I recently had the pleasure of being invited to the unveiling ceremony at my university for a variety of new scholarships. Many of these scholarships had pseudo strings attached such as “intended for individual who works in ___ field” or “to support an individual who resides in ____ community.” Perhaps it is the cynic in me, but I realized that these conditions were completely irrelevant in terms of contract enforceability. Because hiring a lawyer is ridiculously expensive, it is more expensive to enforce the conditions of the scholarship than the scholarship itself. While some organizations may take on that cost simply to make an example of the breaching party, most trustees will eat the loss as a cost of doing business and not wish to take away the support of the next awardee simply to pursue the individual who failed to live up to their promises.
After shaking off that notion as ridiculous, I remembered my friend from college who upon admission was inducted into this special group at the university based upon his admission essay, which was entirely fabricated. The simple fact of the matter is that the manner in which most scholarships are set up does not protect the donors from individuals who write targeted grant letters for the sole purpose of obtaining the support. The shift in intent may not even be malicious. The individual may have truly believed that they would live up to the requirements of the scholarship, but upon entering the real world, for one reason or another, had a change of heart.
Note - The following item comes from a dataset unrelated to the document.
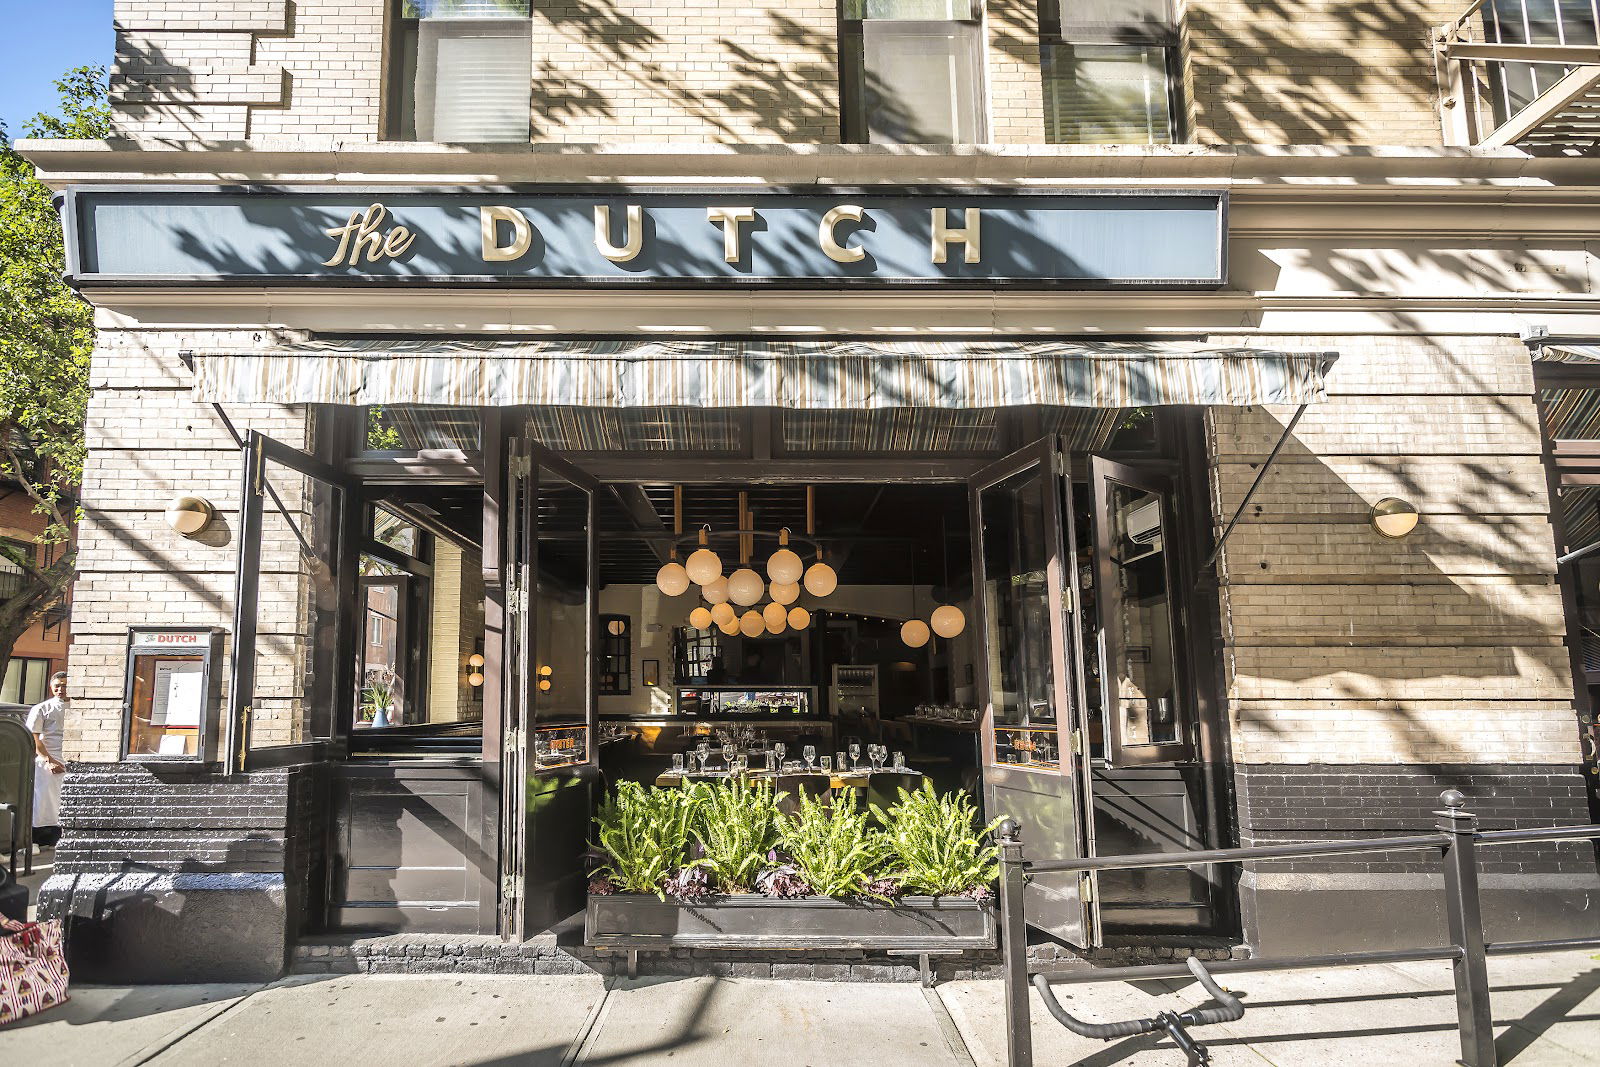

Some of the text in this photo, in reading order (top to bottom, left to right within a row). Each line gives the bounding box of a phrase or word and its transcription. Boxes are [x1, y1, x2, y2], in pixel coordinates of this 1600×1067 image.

[321, 203, 981, 267] the DUTCH
[157, 634, 197, 643] DUTCH
Personally, I find this unequal balance of power to be unnerving, especially as the individuals contributing arguably more to the transaction have the least amount of decision making power. Individuals providing their capital for scholarships have worked hard for their money, and they are entitled to receive exactly what was bargained for in distributing their assets. This is why I find Third Estate Ventures’ approach to the scholarship model so appealing.
Rather than extracting empty promises, Third Estate utilizes a debt instrument as their contract document and, whenever possible, chooses to deal in student debt. Third Estate’s use of student debt is important because it is extremely difficult to discharge. All of which is music to my ears.